Development and validation of wearable devices for real-time sweat biochemical sensing

Abstract

Wearable devices have made significant advances in the real-time, continuous monitoring of human physiology, offering higher sampling frequencies for rapidly changing physiological signals than currently achievable through conventional clinical methods. However, nearly all commercially available wearable devices are limited to measuring biophysical parameters, such as heart rate and activity, using electrical, mechanical, or optical sensors. In contrast, medical diagnostics for small-molecule biomarkers typically rely on invasive blood sampling and instrumentation that is costly, complex, and unsuitable for point-of-care or wearable use.
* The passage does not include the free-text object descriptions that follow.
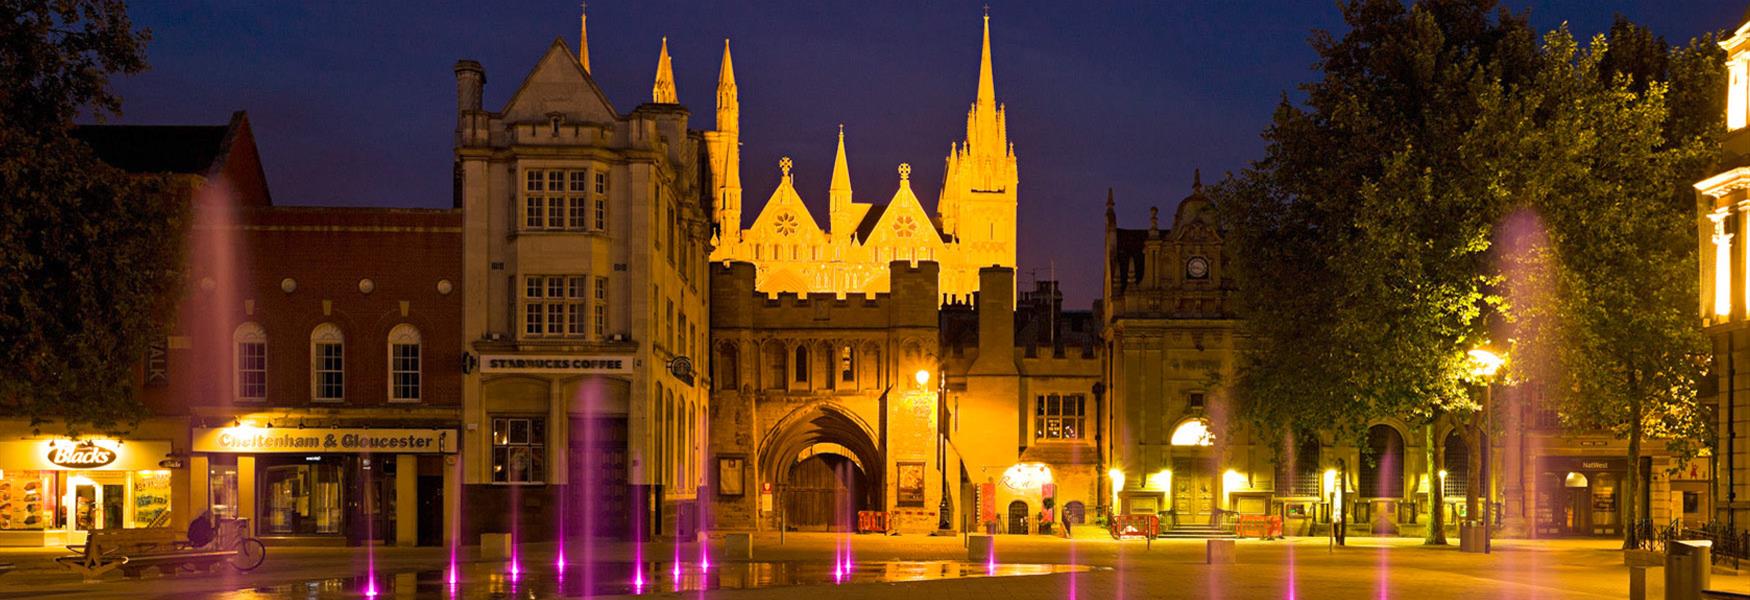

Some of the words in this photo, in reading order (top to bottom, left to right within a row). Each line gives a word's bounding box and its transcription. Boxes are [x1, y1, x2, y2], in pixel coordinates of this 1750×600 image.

[150, 343, 167, 382] ALK
[490, 359, 570, 369] STARBUCKS
[573, 359, 622, 369] COFFEE
[218, 432, 319, 448] Cheltenham
[324, 433, 337, 448] &
[341, 433, 433, 448] Gloucester
[53, 446, 111, 465] Blacks
Electrochemical biosensors have emerged as a powerful transduction modality for portable biochemical sensing, exemplified by the clinical success of continuous glucose monitors. Yet, there remains a critical need for noninvasive wearable biochemical sensing platforms. Sweat is a promising biofluid in this context, containing a wide array of physiologically relevant biomarkers including ions, amino acids, metabolites, hormones, peptides, and proteins. Sweat can also be accessed noninvasively and stimulated locally on demand via iontophoresis. This dissertation presents the design, development, and on-body validation of wearable sweat-sensing devices. Two distinct device architectures are demonstrated, reflecting different levels of complexity and design considerations. We report real-time, on-body lactate sensing during stationary cycling exercise, as well as successful detection of nicotine in sweat using a novel microbial redox enzyme-based biosensor. Sweat was locally induced for nicotine sensing, and study participants included heavy and light nicotine users as well as non-users. The wearable nicotine sensor exhibited superior analytical accuracy compared to the gold standard of mass spectrometry. Furthermore, we demonstrate multiplexed sensing targeting both nicotine and cortisol in sweat using a single wearable platform. Finally, we explore the use of electrochemical impedance spectroscopy as a system identification tool for the development and optimization of biosensors.